Table 3 List of gene ontology (GO) terms significantly associated with the differentially expressed transcripts of A. aegypti during development

In addition to gene ontology analysis, we also analyzed the 1,551 DETs for association with KEGG pathways predicted for A. aegypti. A total of 19 KEGG pathway modules were represented by these DETs (Figure 5). Of these, protein folding/sorting/degradation, translation and carbohydrate metabolism were identified as the top three ranking pathways based on transcripts differentially expressed at multiple developmental stages of A. aegypti. We wanted to know if genes related to specific pathways are differentially expressed at specific developmental stages of A. aegypti.

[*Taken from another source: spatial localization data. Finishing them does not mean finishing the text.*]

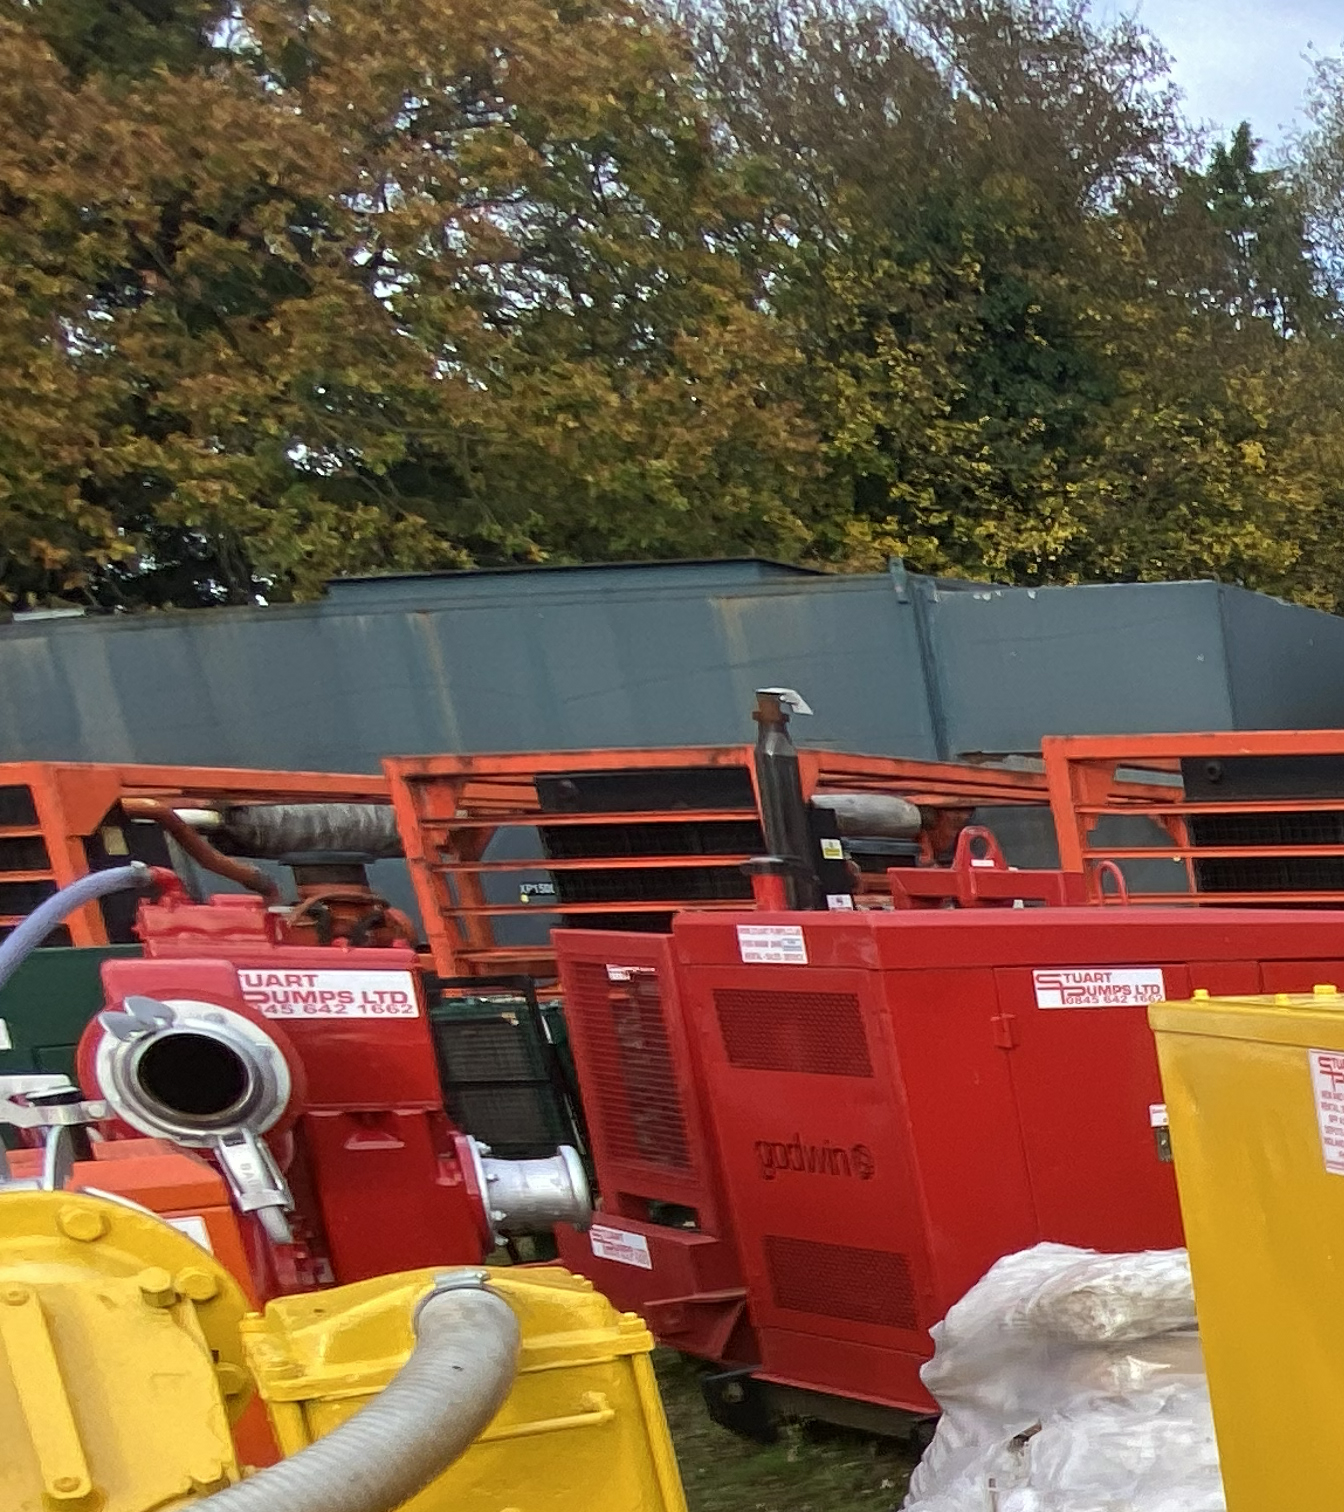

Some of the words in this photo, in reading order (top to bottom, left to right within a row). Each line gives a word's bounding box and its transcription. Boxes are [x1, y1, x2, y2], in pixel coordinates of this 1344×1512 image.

[239, 974, 319, 988] UART
[1036, 973, 1112, 990] STUART
[362, 991, 408, 1004] LTD
[1061, 984, 1131, 1004] PUMPS
[1135, 984, 1160, 995] LTD
[258, 1004, 294, 1015] 45
[303, 1004, 349, 1015] 642
[357, 1004, 414, 1015] 1662
[754, 1132, 852, 1180] godwin
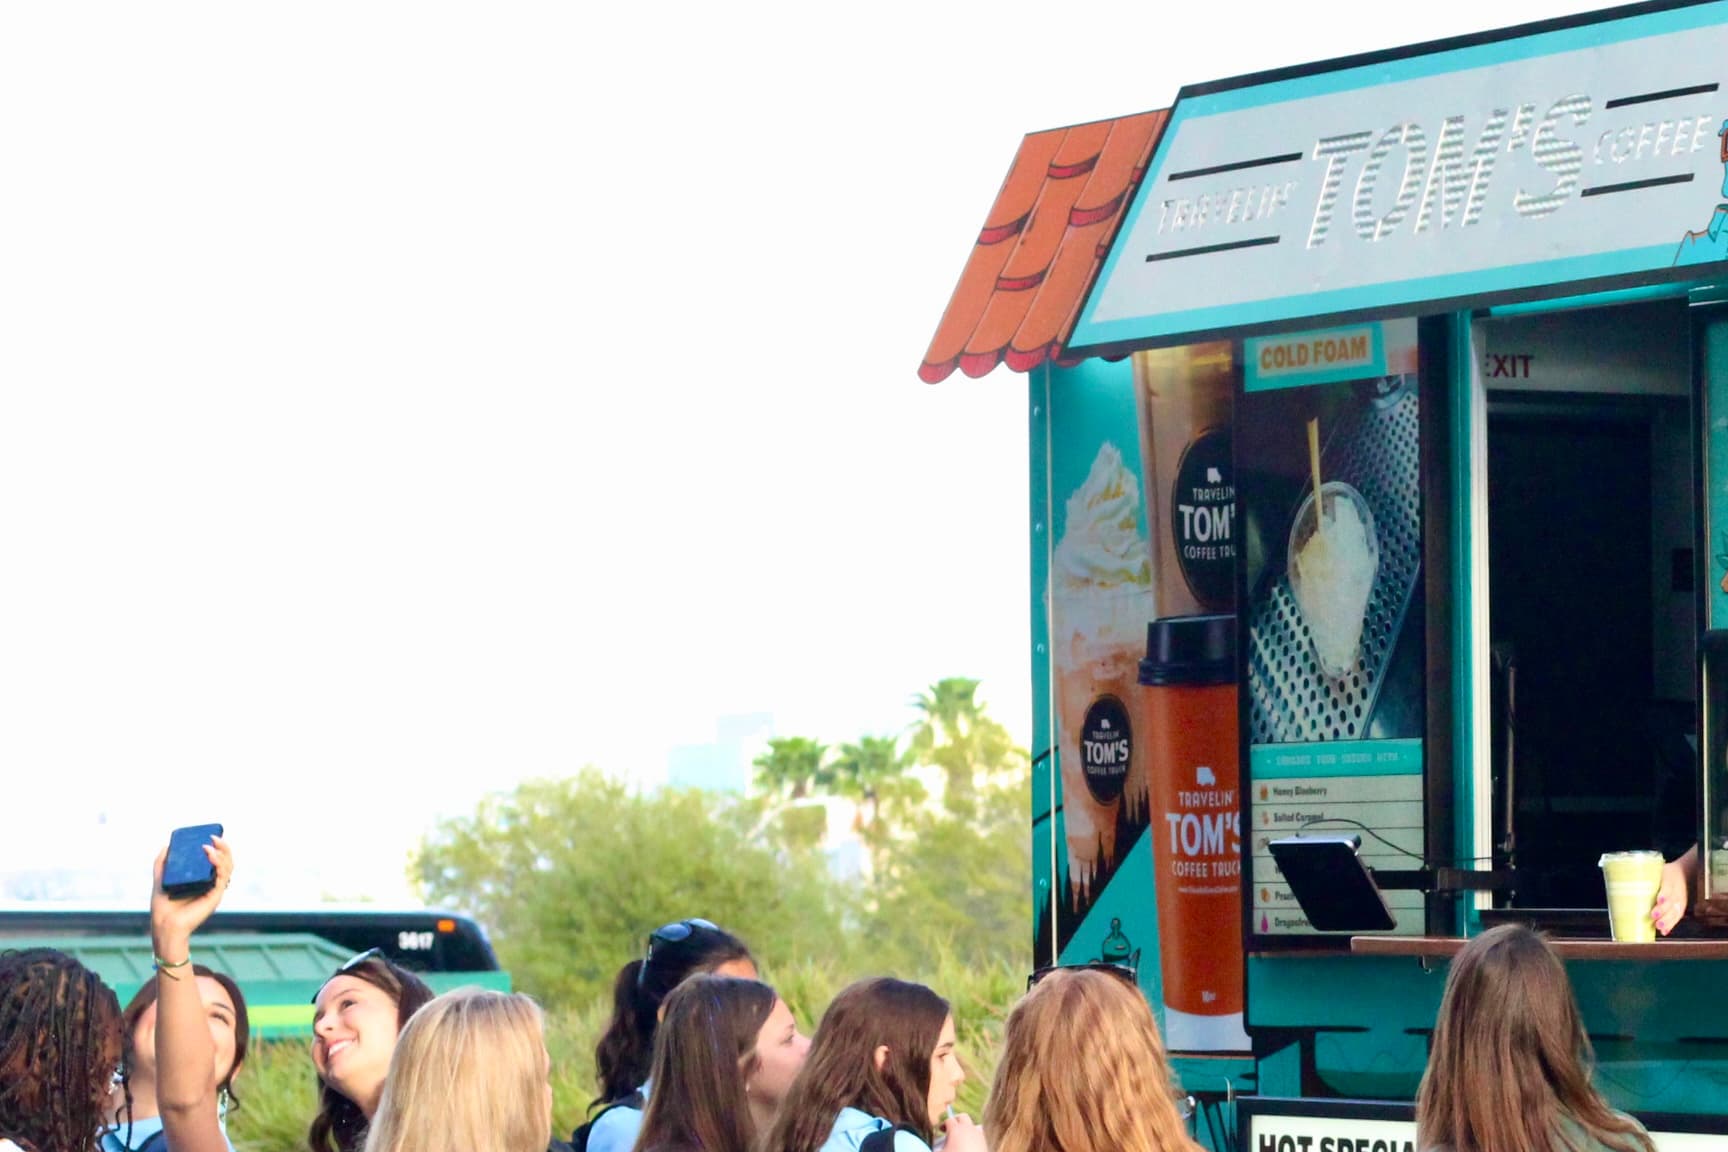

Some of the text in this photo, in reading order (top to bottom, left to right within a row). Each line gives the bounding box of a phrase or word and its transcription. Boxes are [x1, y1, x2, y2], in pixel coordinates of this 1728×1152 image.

[1306, 93, 1592, 250] TOM'S
[1594, 115, 1713, 165] COFFEE
[1261, 335, 1367, 370] COLD FOAM
[1192, 485, 1236, 501] TRAVELIN
[1179, 502, 1236, 542] TOM'
[1184, 544, 1236, 560] COFFEE TRU
[1084, 739, 1129, 764] TOM'S
[1171, 861, 1208, 877] COFFEE
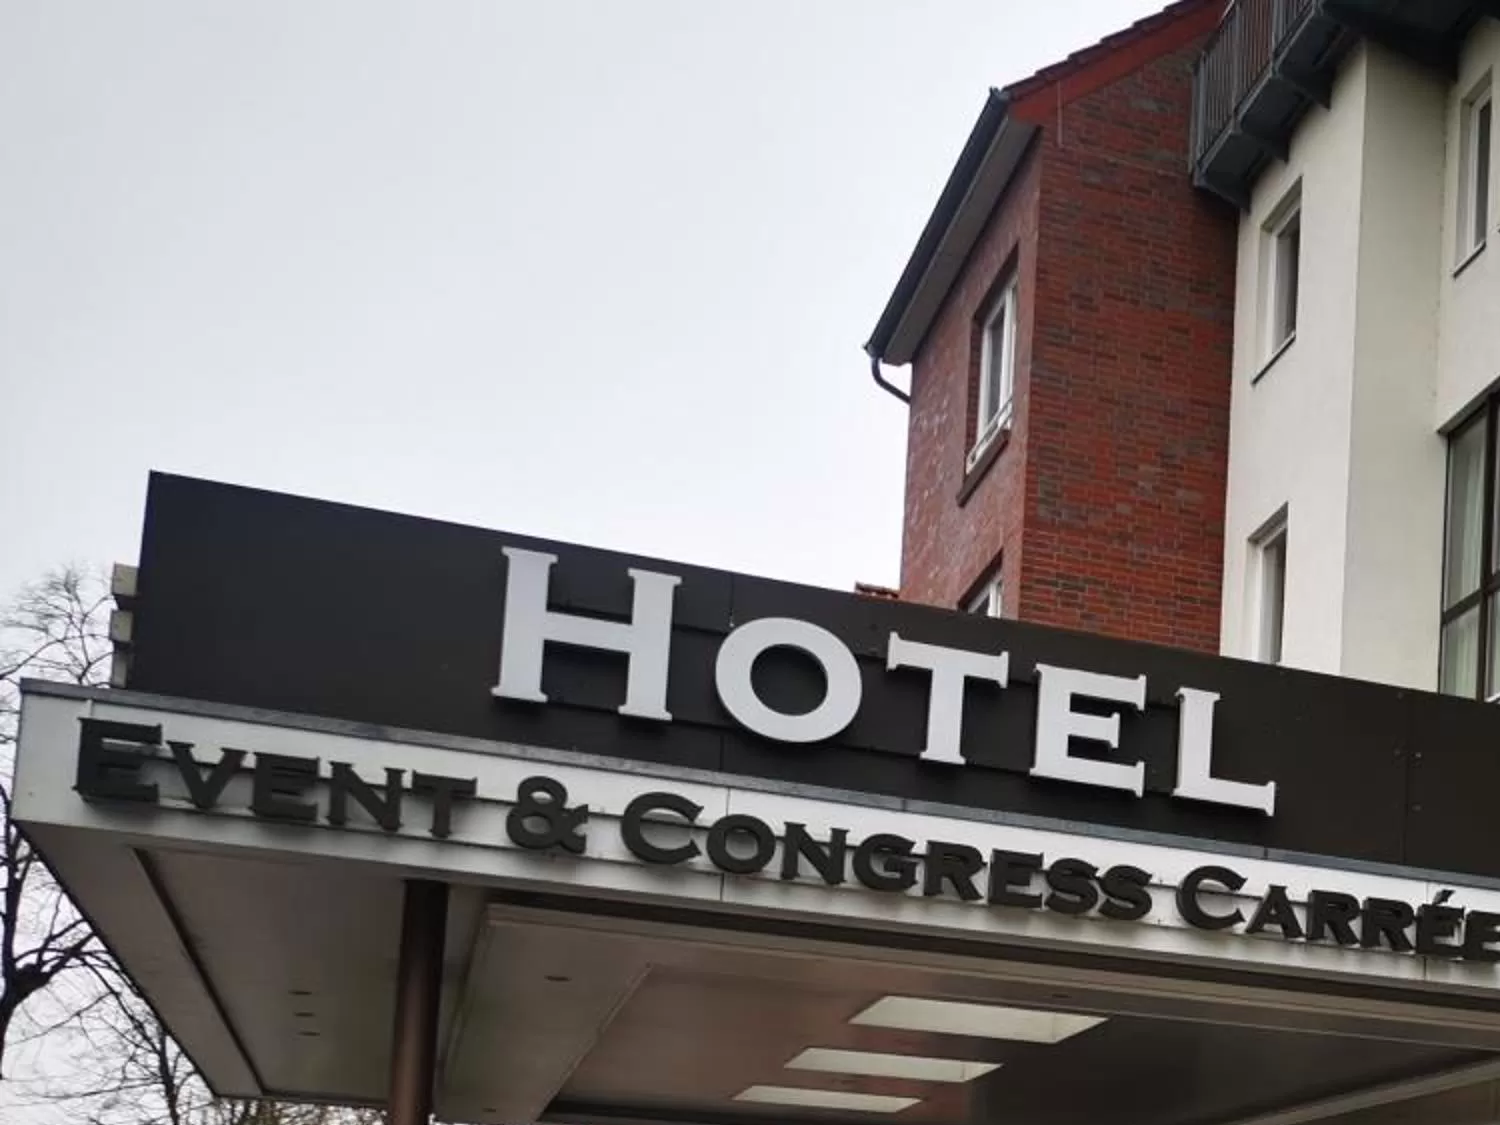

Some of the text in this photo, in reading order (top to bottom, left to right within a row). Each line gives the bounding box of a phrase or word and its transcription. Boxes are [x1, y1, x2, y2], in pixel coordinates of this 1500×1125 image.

[491, 545, 1277, 817] HOTEL
[75, 716, 478, 839] EVENT
[506, 776, 588, 855] &
[621, 790, 1153, 922] CONGRESS
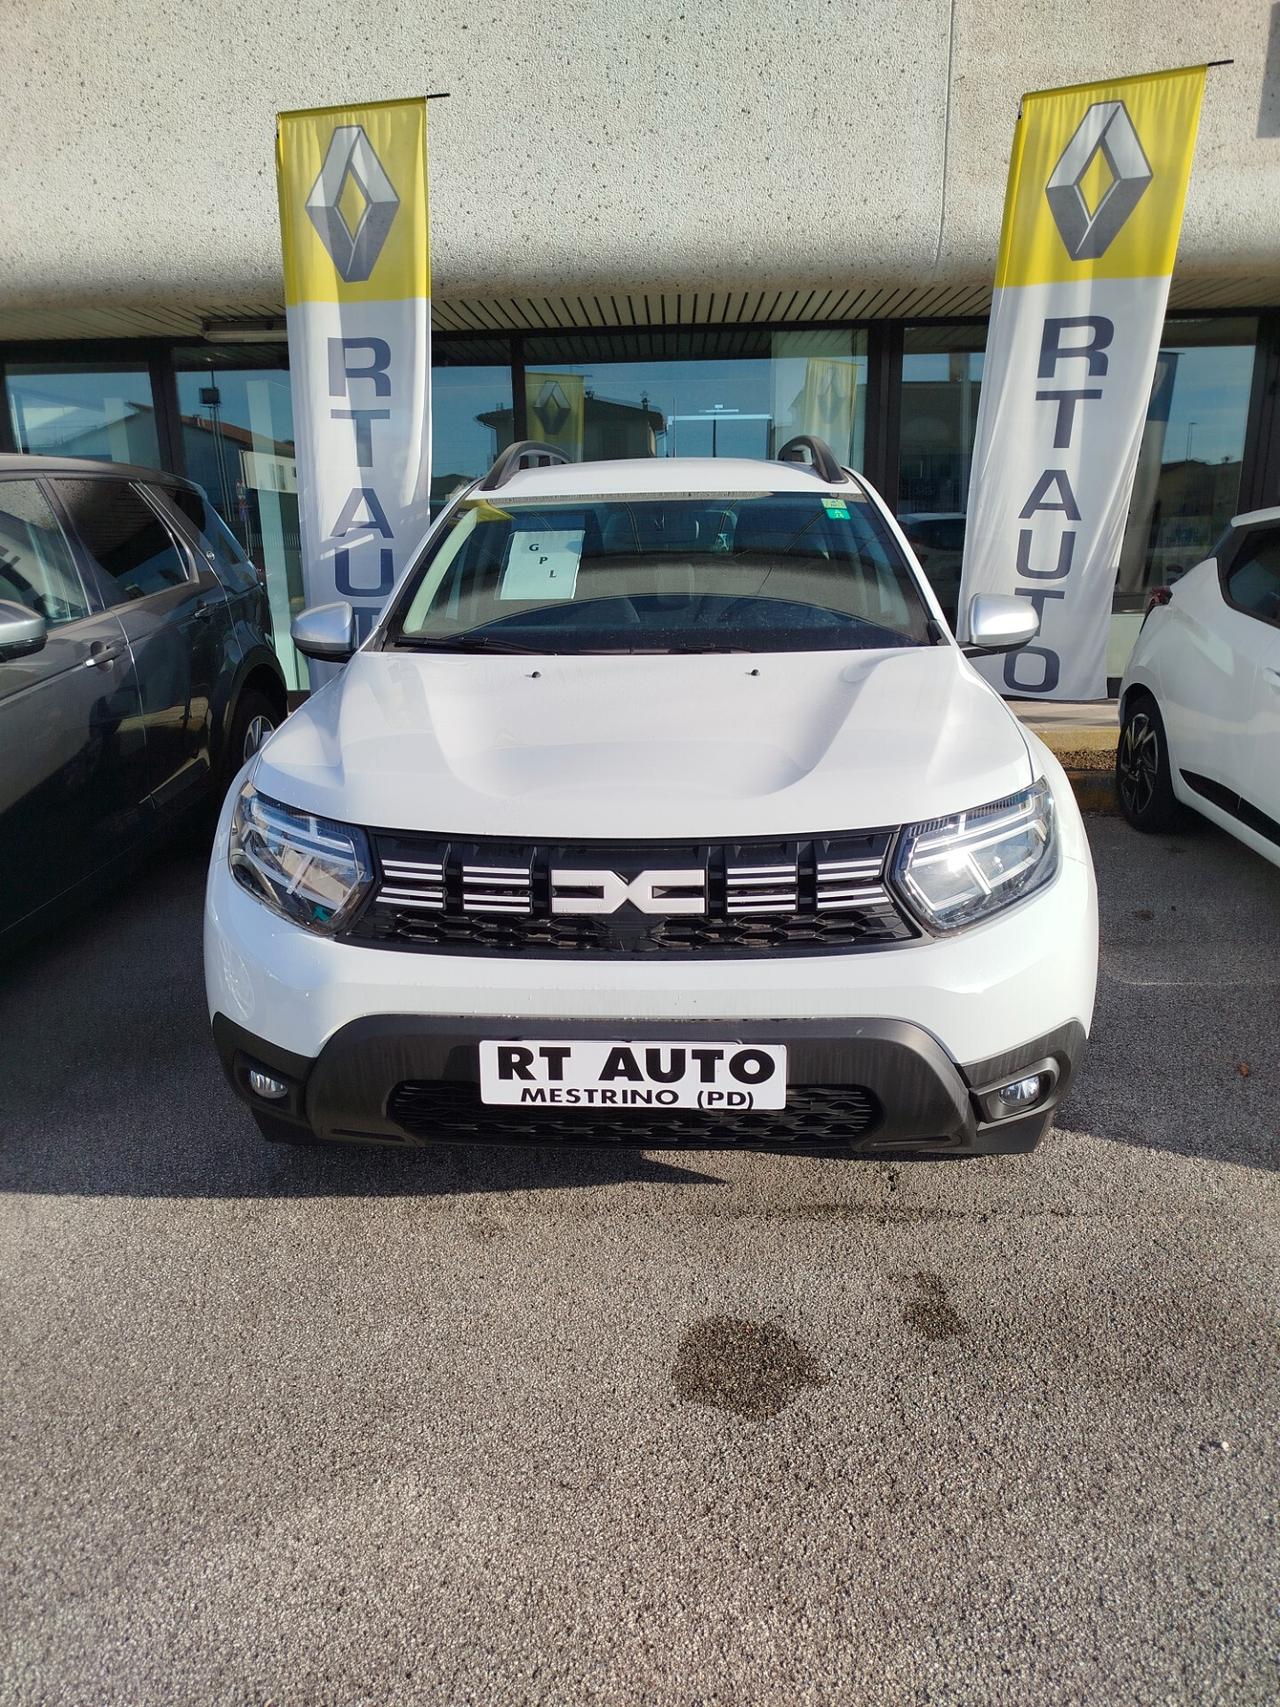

Based on comparisons of numbers of genes differentially expressed at specific times and their association with KEGG pathways, it was observed that genes related to development and metabolism of amino acids pathways were associated with transcripts differentially expressed between early and late larval stages, whereas genes related to translation, transcription, carbohydrate metabolism, protein folding and sorting, transport and catabolism and glycan biosynthesis were associated with transcripts differentially expressed between early pupal and late pupal stages (Additional file 6). Transcripts differentially expressed between pupal and adult stages were significantly associated with energy metabolism and lipid metabolism related genes. Additionally, several genes related to dorso-ventral axis formation, notch signaling, neuroactive ligand-receptor interaction, hedgehog signaling and TGF-beta signaling pathways were identified wherein genes were differentially expressed at specific stages of A. aegypti development (Additional file 7).

Figure 5
figure 5

Pie chart showing distribution of DETs among different KEGG pathways. Different colors show different pathways.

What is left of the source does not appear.